WORK INSTRUCTIONS: For the copy, please give all of the data again exactly and leave the pictures out.

(PROVIDED RECORDS)

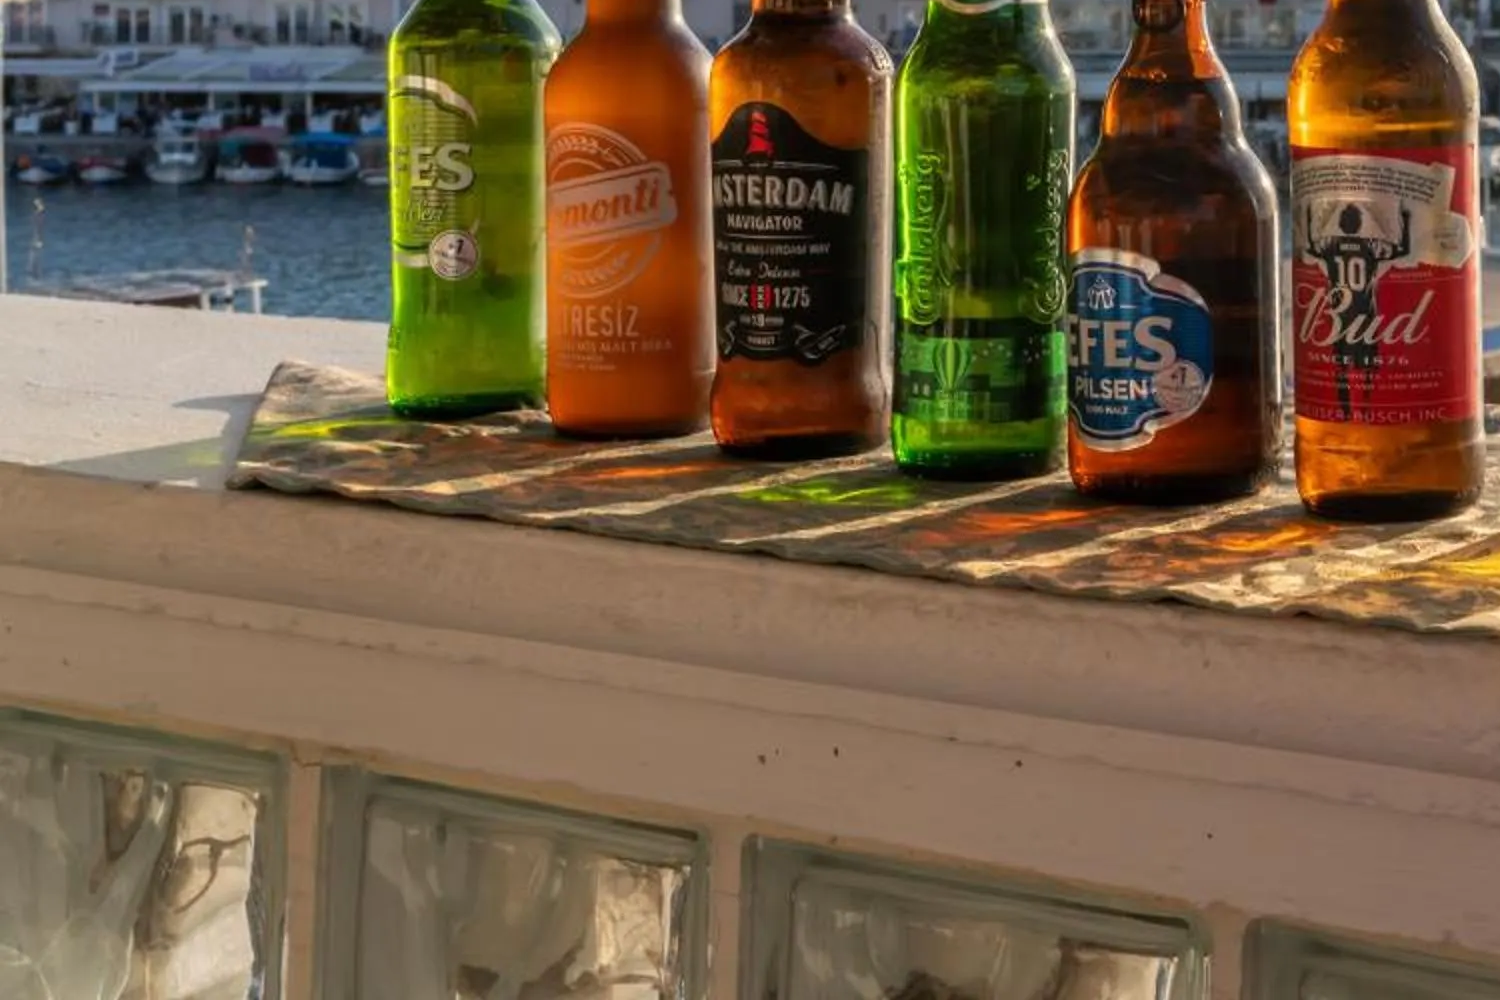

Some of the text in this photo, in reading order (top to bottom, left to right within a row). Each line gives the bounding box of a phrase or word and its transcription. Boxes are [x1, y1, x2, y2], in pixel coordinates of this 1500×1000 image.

[563, 178, 661, 229] monti
[727, 213, 803, 231] NAVIGATOR
[1335, 256, 1367, 292] 10
[774, 286, 811, 308] 1275
[1296, 283, 1434, 347] Bud
[1066, 314, 1176, 371] EFES
[1308, 351, 1411, 367] SINCE 1876

(End PROVIDED RECORDS)

SOLUTION FOR THIS PROBLEM:
Some of the text in this photo, in reading order (top to bottom, left to right within a row). Each line gives the bounding box of a phrase or word and its transcription. Boxes are [x1, y1, x2, y2], in pixel coordinates of this 1500×1000 image.

[563, 178, 661, 229] monti
[727, 213, 803, 231] NAVIGATOR
[1335, 256, 1367, 292] 10
[774, 286, 811, 308] 1275
[1296, 283, 1434, 347] Bud
[1066, 314, 1176, 371] EFES
[1308, 351, 1411, 367] SINCE 1876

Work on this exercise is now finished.